Finanzen-News 12.11.2010

Kosten

Gebühren für EC- und Kreditkarte werden oft unterschätzt

Bis zu etwa 100 Euro betragen die Gesamtkosten rund um das Girokonto pro Jahr. Was vielen Bankkunden aufgrund des Paketpreises (oder Komplettpreises) gar nicht bewusst ist: Ein großer Teil dieser Kosten entfällt auf die zu dem Girokonto ausgegebenen Plastikkarten – also die ec-/Maestro-Karte und die Kreditkarte.
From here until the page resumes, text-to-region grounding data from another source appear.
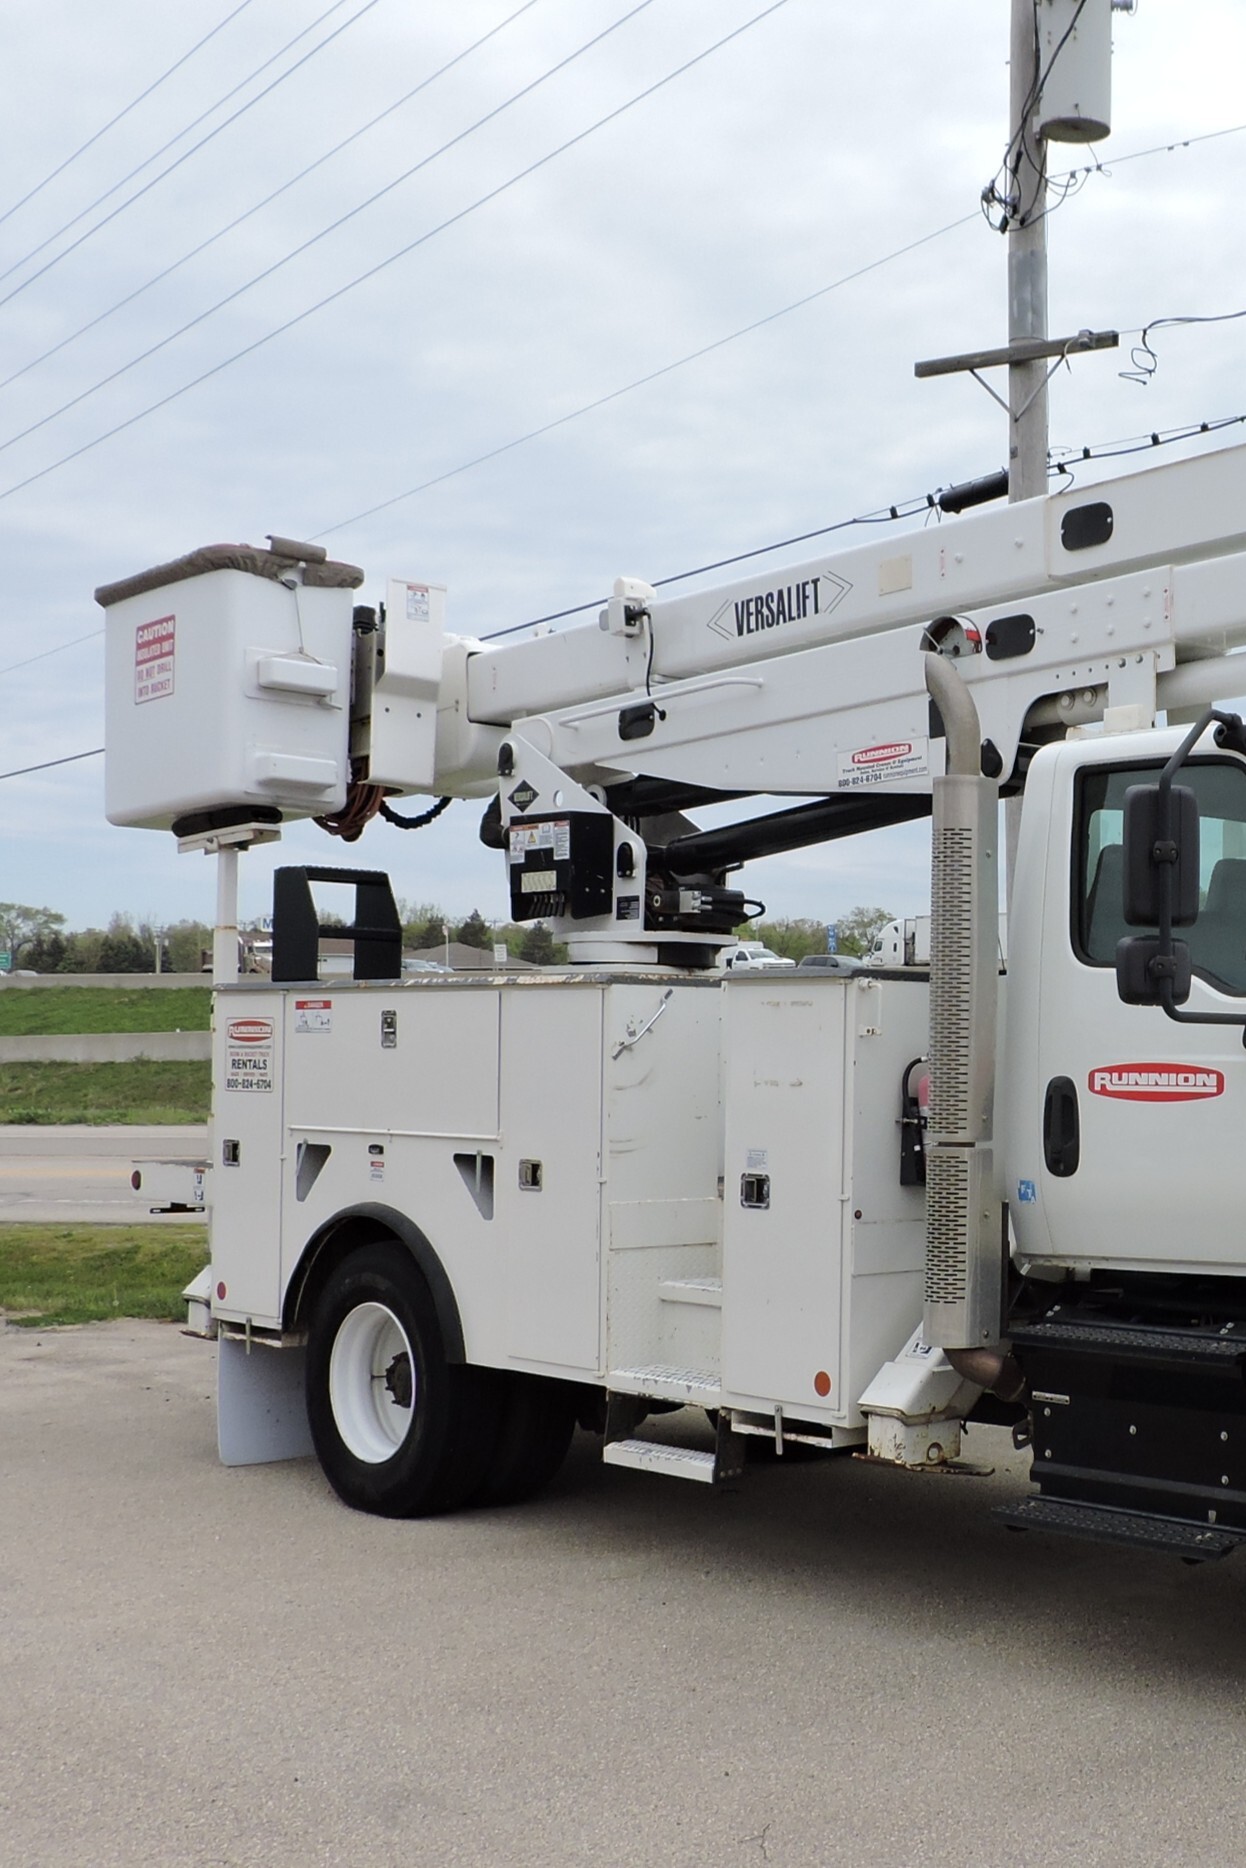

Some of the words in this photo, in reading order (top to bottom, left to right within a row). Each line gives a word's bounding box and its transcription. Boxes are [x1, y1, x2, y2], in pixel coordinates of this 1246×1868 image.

[734, 577, 820, 637] VERSALIFT
[137, 620, 174, 643] CAUTION
[854, 744, 909, 762] RUNNION
[898, 756, 922, 764] Equipment
[231, 1059, 268, 1070] RENTALS
[227, 1078, 272, 1090] 800-824-6704
[1094, 1072, 1217, 1093] RUNNION
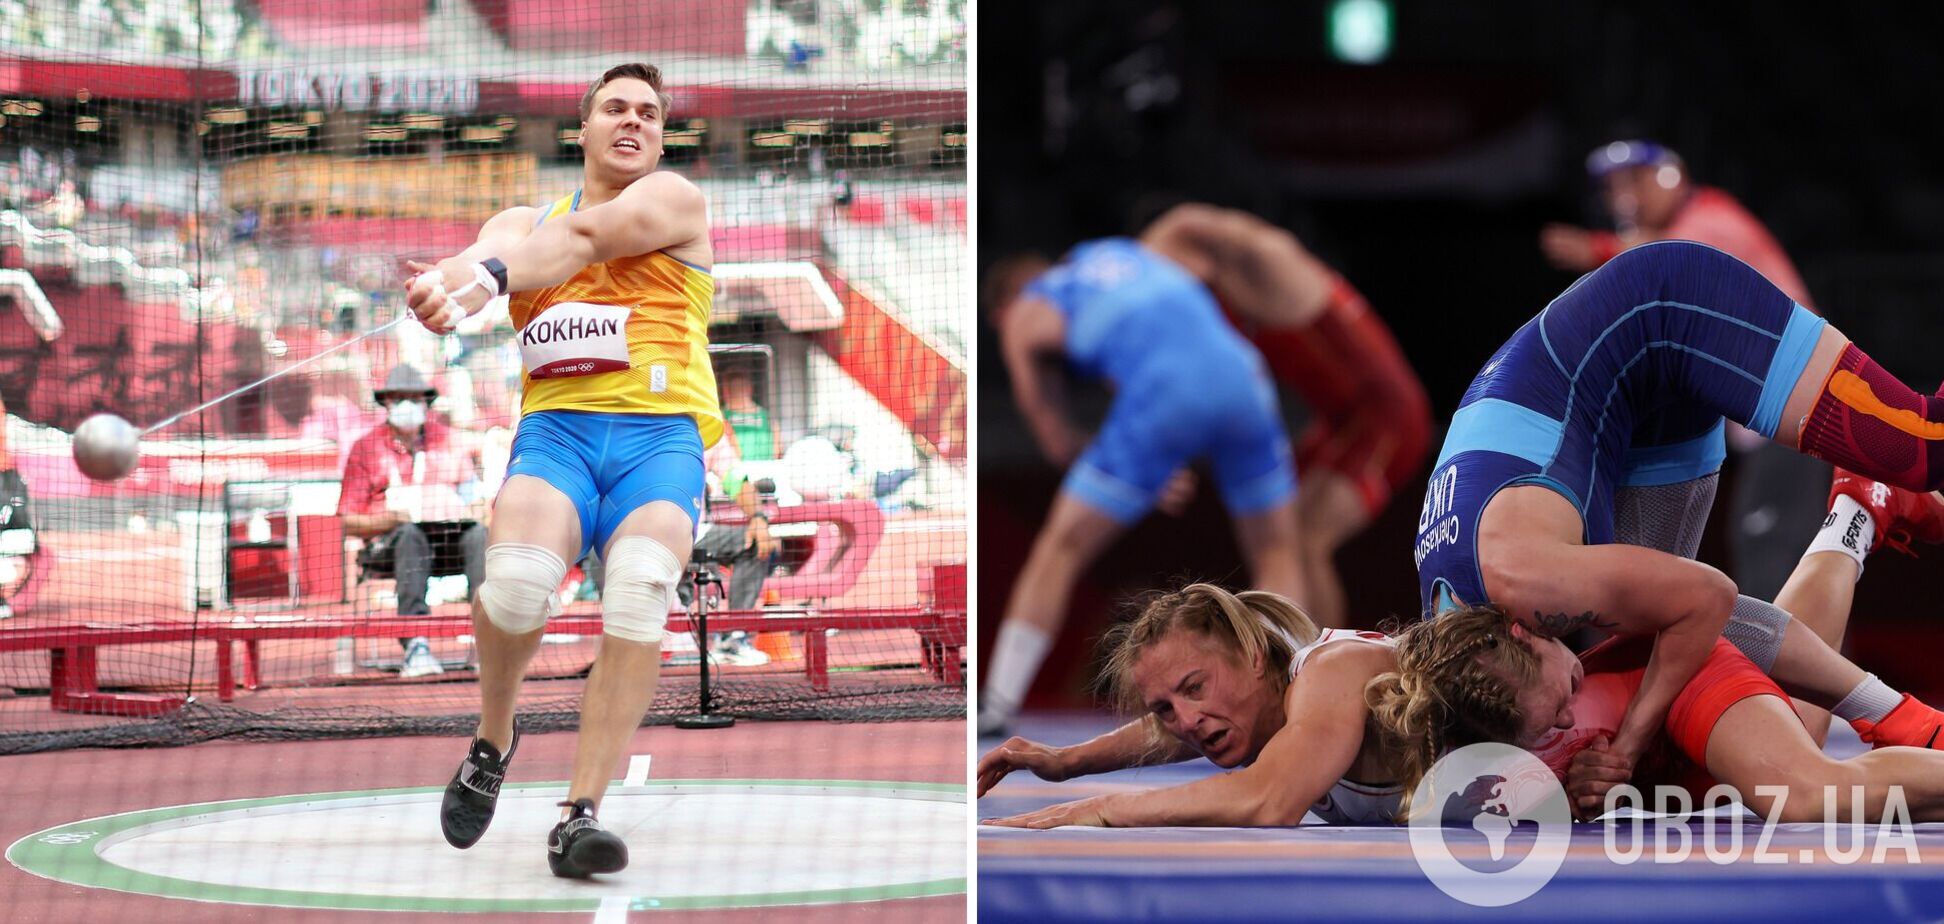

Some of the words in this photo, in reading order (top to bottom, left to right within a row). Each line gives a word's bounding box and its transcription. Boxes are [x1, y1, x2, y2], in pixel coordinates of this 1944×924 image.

[238, 70, 372, 111] TOKYO
[378, 76, 480, 115] 2020
[523, 317, 618, 346] KOKHAN
[1419, 464, 1457, 535] UKR
Vergleichsweise preiswert ist in aller Regel die ec-/Maestro-Karte. Dafür werden oft lediglich fünf bis zehn Euro pro Jahr vom Girokonto abgebucht. Bis zum Achtfachen an Gebühren zahlt der Kunde dagegen für eine Standard-Kreditkarte. Für das besonders auf Auslandsreisen beliebte und praktische Zahlungsmittel verlangen Geldhäuser zwischen 10 und 40 Euro im Jahr, wie Finanztest kürzlich ermittelte. Nutzen Ehepartner das Girokonto gemeinsam, fällt für die zusätzliche Partnerkarte oft eine weitere Gebühr an. Selbst bei auf den ersten Blick kostenlosen Girokonten können sich die Ausgaben für das Plastikgeld dann auf jährlich bis zu 60 Euro summieren, informiert die ING DiBa.

Premium-Karten oft teuer - nutzen begrenzt

Vorsicht Kostenfalle: Besonders teuer wird die Kartennutzung, wenn die Bank dem Kunden die Luxusvariante verkauft. Die oft als "Gold"- oder "Platin"-Karte bezeichneten Kreditkarten schlagen je nach Anbieter mit Jahresgebühren von bis zu 180 Euro zu Buche. Der zusätzliche Nutzen dieser Premium-Karten ist dagegen äußerst begrenzt: Denn die darin enthaltenen Versicherungsleistungen sind fast immer stark eingeschränkt oder überflüssig. Somit bieten die teuren Exklusivkarten bis auf den Zugang zu bestimmten Flughafen-Lounges in aller Regel nichts, was eine herkömmliche Standard-Kreditkarte nicht ebenfalls leisten kann.